Existing Superannuation Schemes 

  • An existing scheme can continue as now, but most employers (other than "exempt employers") will be required to enroll all new employees automatically into KiwiSaver, and all employers will have to allow permanent employees to opt in to KiwiSaver.
  • An existing scheme can also convert to a "KiwiSaver" scheme (by meeting all KiwiSaver scheme rules) with the consent of all members and on application to the Government Actuary.    Members will then be KiwiSaver members and will be subject to the same lock-in requirements and will be entitled to the taxpayer-provided subsidies.    This is unlikely to happen.   
  • An existing scheme can establish a KiwiSaver scheme section within the existing scheme called a "bolt on".   Members then choose whether to join the KiwiSaver section or not, with any contributions or transfers to that section subject to the lock-in requirements and entitled to the Government subsidies.   Bolt on KiwiSaver schemes are treated as separate legal entities to the existing scheme for most purposes.
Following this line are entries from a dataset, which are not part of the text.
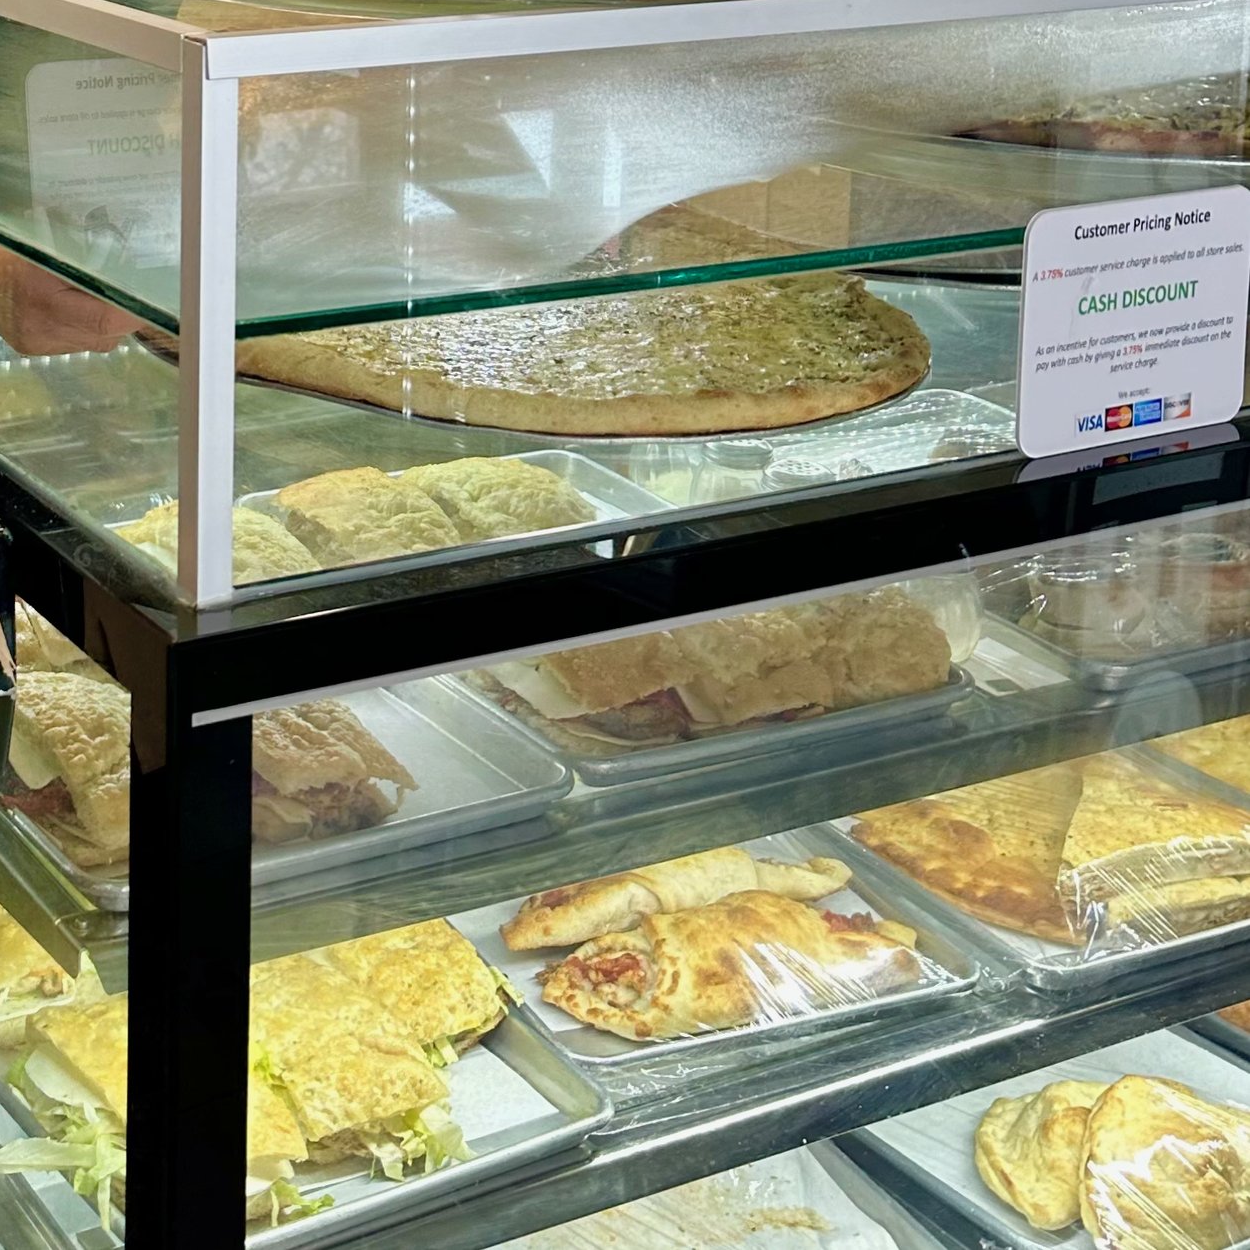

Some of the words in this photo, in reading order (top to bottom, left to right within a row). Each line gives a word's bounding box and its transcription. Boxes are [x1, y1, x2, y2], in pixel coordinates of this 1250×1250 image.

[1074, 222, 1130, 240] Customer
[1134, 215, 1172, 232] Pricing
[1174, 209, 1211, 227] Notice
[1032, 272, 1038, 282] A
[1040, 268, 1063, 281] 3.75%
[1064, 264, 1098, 277] customer
[1100, 260, 1125, 272] service
[1126, 256, 1151, 268] charge
[1152, 254, 1158, 264] is
[1160, 249, 1186, 265] applied
[1187, 249, 1195, 259] to
[1196, 247, 1205, 258] all
[1206, 245, 1224, 257] store
[1078, 292, 1117, 315] CASH
[1122, 280, 1198, 309] DISCOUNT
[1035, 345, 1044, 356] As
[1046, 345, 1055, 354] an
[1056, 339, 1087, 352] incentive
[1088, 336, 1099, 350] for
[1138, 330, 1148, 338] we
[1165, 323, 1190, 336] provide
[1197, 317, 1225, 329] discount
[1226, 316, 1234, 324] to
[1035, 361, 1049, 372] pay
[1050, 357, 1066, 368] with
[1067, 353, 1083, 366] cash
[1084, 352, 1093, 363] by
[1094, 349, 1115, 363] giving
[1144, 338, 1180, 352] immediate
[1181, 333, 1210, 346] discount
[1210, 333, 1219, 341] on
[1220, 330, 1232, 339] the
[1110, 362, 1133, 373] service
[1077, 414, 1103, 432] VISA
  • An employer making a registered superannuation scheme available to its employees can apply to be exempt from the automatic enrolment requirements if the scheme meets certain criteria (such an employer is called an "exempt employer").    That is; the scheme has a minimum employee contribution rate combined with a maximum employer contribution that is at least 4% of basic earnings; any employer contributions included within the 4% calculation must vest within five years of the employee becoming a member of the scheme; the scheme is portable and is open to all permanent, including part-time, employees.    Employees of an "exempt employer" will still be able to join a KiwiSaver scheme by opting in.
  • The $1,000 subsidy is payable for members if an existing scheme becomes a KiwiSaver scheme.    Members continuing to contribute to an exempt employer's scheme for at least three years after 1 July 2007 will be eligible for first home deposit assistance as the rules are currently stated, as will contributors to KiwiSaver schemes.
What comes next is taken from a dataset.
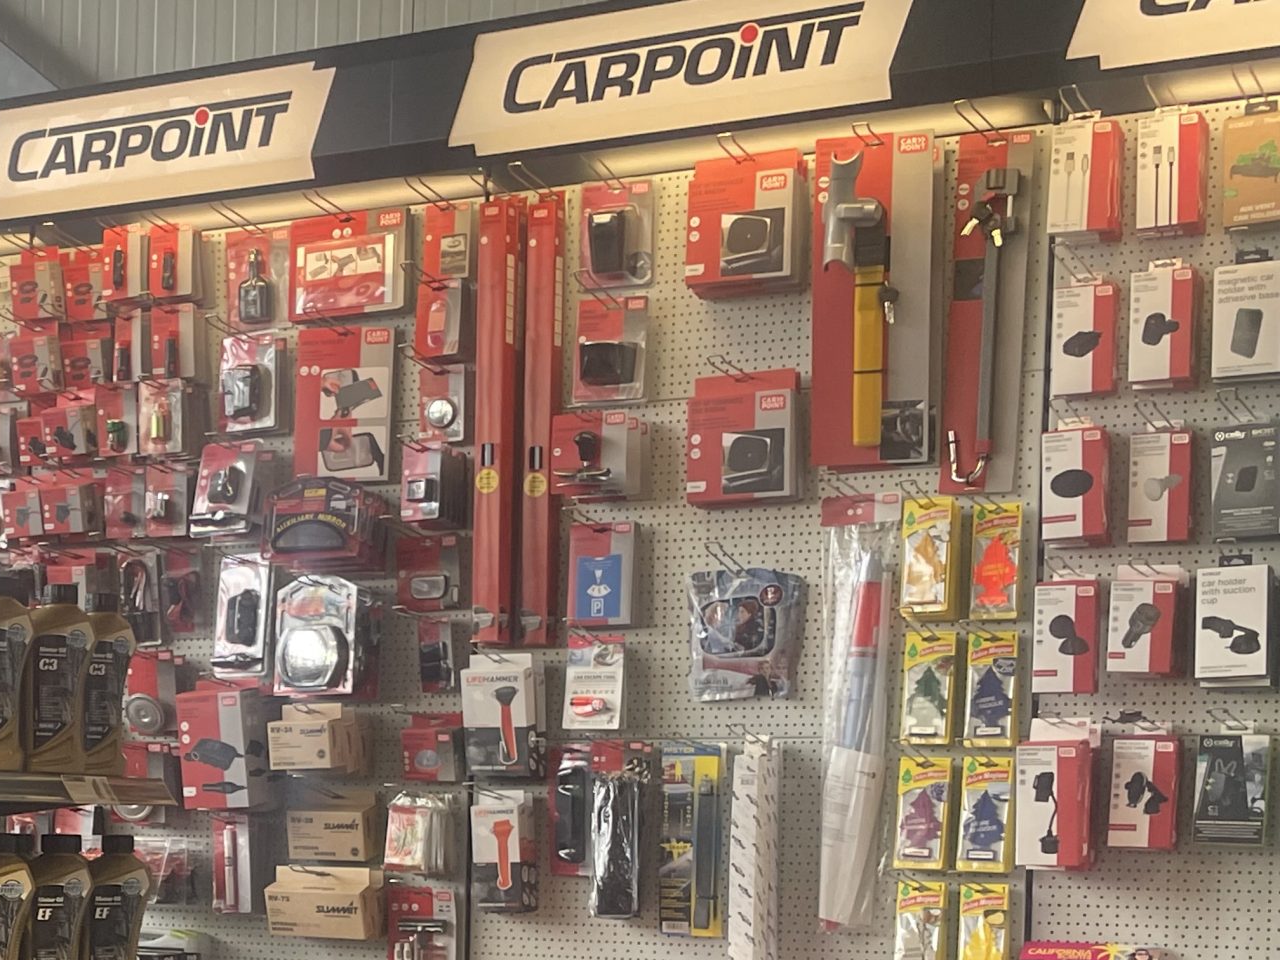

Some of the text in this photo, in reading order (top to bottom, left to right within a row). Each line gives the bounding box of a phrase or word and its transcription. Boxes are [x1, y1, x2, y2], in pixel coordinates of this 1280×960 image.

  • An exemption from SSCWT will also be available for existing schemes that have KiwiSaver-like characteristics (most significantly, similar lock-in requirements and portability).  These are referred to as “Complying Superannuation Funds”.   A complying superannuation fund is a section within a registered superannuation scheme that has been approved by the Government Actuary as having met certain criteria similar to KiwiSaver.  This ensures that the employer tax credit applies in respect of contributions towards an employee’s long–term retirement savings.
  • Members of an existing scheme can continue in that scheme and also enroll in a KiwiSaver scheme, provided they meet the 4% minimum contribution threshold for KiwiSaver, irrespective of any contributions to their existing scheme, and thereby receive the $1,000 subsidy.
  • Budget 2007 recognised that non-KiwiSaver employer-sponsored schemes have been in place for some time that incorporate desirable characteristics of KiwiSaver schemes.   Arrangements to accommodate these employers and schemes have been made, such as expanding the eligibility of tax credits and allowing employer contributions to count towards employers’ compulsory requirements, and will apply in specific circumstances.